● Task item: Copy out exactly the lines from the one containing "Some of the text" to the end of the records below, both included, and nothing else.

── Provided entries ──

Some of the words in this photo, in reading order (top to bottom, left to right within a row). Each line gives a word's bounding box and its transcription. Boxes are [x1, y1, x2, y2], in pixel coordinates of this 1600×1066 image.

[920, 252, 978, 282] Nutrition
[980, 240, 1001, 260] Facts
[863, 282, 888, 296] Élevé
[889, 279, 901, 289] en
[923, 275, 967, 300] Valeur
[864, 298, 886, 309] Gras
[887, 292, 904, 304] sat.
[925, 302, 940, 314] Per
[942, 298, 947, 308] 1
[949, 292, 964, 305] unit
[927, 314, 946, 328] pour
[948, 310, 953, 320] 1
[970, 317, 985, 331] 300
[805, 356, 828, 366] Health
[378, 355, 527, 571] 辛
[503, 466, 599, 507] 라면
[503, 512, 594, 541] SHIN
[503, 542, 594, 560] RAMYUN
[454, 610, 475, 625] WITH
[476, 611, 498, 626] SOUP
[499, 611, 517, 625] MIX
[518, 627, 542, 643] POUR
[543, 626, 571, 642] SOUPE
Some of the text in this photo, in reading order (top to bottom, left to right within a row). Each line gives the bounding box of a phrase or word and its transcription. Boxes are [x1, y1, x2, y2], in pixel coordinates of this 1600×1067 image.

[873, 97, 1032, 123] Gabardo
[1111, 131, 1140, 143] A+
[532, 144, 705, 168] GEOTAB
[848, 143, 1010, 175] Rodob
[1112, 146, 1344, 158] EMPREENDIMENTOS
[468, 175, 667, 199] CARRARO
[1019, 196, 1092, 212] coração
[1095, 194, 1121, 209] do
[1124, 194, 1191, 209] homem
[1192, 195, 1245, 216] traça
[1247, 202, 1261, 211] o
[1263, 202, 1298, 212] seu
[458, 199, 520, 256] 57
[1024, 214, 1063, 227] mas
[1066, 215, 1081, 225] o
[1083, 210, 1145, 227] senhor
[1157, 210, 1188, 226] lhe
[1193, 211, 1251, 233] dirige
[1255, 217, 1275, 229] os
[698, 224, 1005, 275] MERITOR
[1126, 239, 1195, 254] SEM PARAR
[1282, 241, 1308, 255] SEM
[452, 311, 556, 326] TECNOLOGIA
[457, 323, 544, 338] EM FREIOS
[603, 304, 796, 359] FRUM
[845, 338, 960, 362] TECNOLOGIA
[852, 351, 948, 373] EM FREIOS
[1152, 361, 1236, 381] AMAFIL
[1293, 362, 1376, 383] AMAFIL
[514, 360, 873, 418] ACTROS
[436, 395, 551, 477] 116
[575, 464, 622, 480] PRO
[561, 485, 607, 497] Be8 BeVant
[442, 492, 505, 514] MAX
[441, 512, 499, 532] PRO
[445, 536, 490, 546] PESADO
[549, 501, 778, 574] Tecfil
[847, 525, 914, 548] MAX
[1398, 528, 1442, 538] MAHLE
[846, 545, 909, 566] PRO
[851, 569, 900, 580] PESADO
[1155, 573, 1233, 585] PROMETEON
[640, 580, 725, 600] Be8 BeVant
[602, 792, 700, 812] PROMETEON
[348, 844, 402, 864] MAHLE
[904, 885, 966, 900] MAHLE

───

● Problem solution:
Some of the text in this photo, in reading order (top to bottom, left to right within a row). Each line gives the bounding box of a phrase or word and its transcription. Boxes are [x1, y1, x2, y2], in pixel coordinates of this 1600×1067 image.

[873, 97, 1032, 123] Gabardo
[1111, 131, 1140, 143] A+
[532, 144, 705, 168] GEOTAB
[848, 143, 1010, 175] Rodob
[1112, 146, 1344, 158] EMPREENDIMENTOS
[468, 175, 667, 199] CARRARO
[1019, 196, 1092, 212] coração
[1095, 194, 1121, 209] do
[1124, 194, 1191, 209] homem
[1192, 195, 1245, 216] traça
[1247, 202, 1261, 211] o
[1263, 202, 1298, 212] seu
[458, 199, 520, 256] 57
[1024, 214, 1063, 227] mas
[1066, 215, 1081, 225] o
[1083, 210, 1145, 227] senhor
[1157, 210, 1188, 226] lhe
[1193, 211, 1251, 233] dirige
[1255, 217, 1275, 229] os
[698, 224, 1005, 275] MERITOR
[1126, 239, 1195, 254] SEM PARAR
[1282, 241, 1308, 255] SEM
[452, 311, 556, 326] TECNOLOGIA
[457, 323, 544, 338] EM FREIOS
[603, 304, 796, 359] FRUM
[845, 338, 960, 362] TECNOLOGIA
[852, 351, 948, 373] EM FREIOS
[1152, 361, 1236, 381] AMAFIL
[1293, 362, 1376, 383] AMAFIL
[514, 360, 873, 418] ACTROS
[436, 395, 551, 477] 116
[575, 464, 622, 480] PRO
[561, 485, 607, 497] Be8 BeVant
[442, 492, 505, 514] MAX
[441, 512, 499, 532] PRO
[445, 536, 490, 546] PESADO
[549, 501, 778, 574] Tecfil
[847, 525, 914, 548] MAX
[1398, 528, 1442, 538] MAHLE
[846, 545, 909, 566] PRO
[851, 569, 900, 580] PESADO
[1155, 573, 1233, 585] PROMETEON
[640, 580, 725, 600] Be8 BeVant
[602, 792, 700, 812] PROMETEON
[348, 844, 402, 864] MAHLE
[904, 885, 966, 900] MAHLE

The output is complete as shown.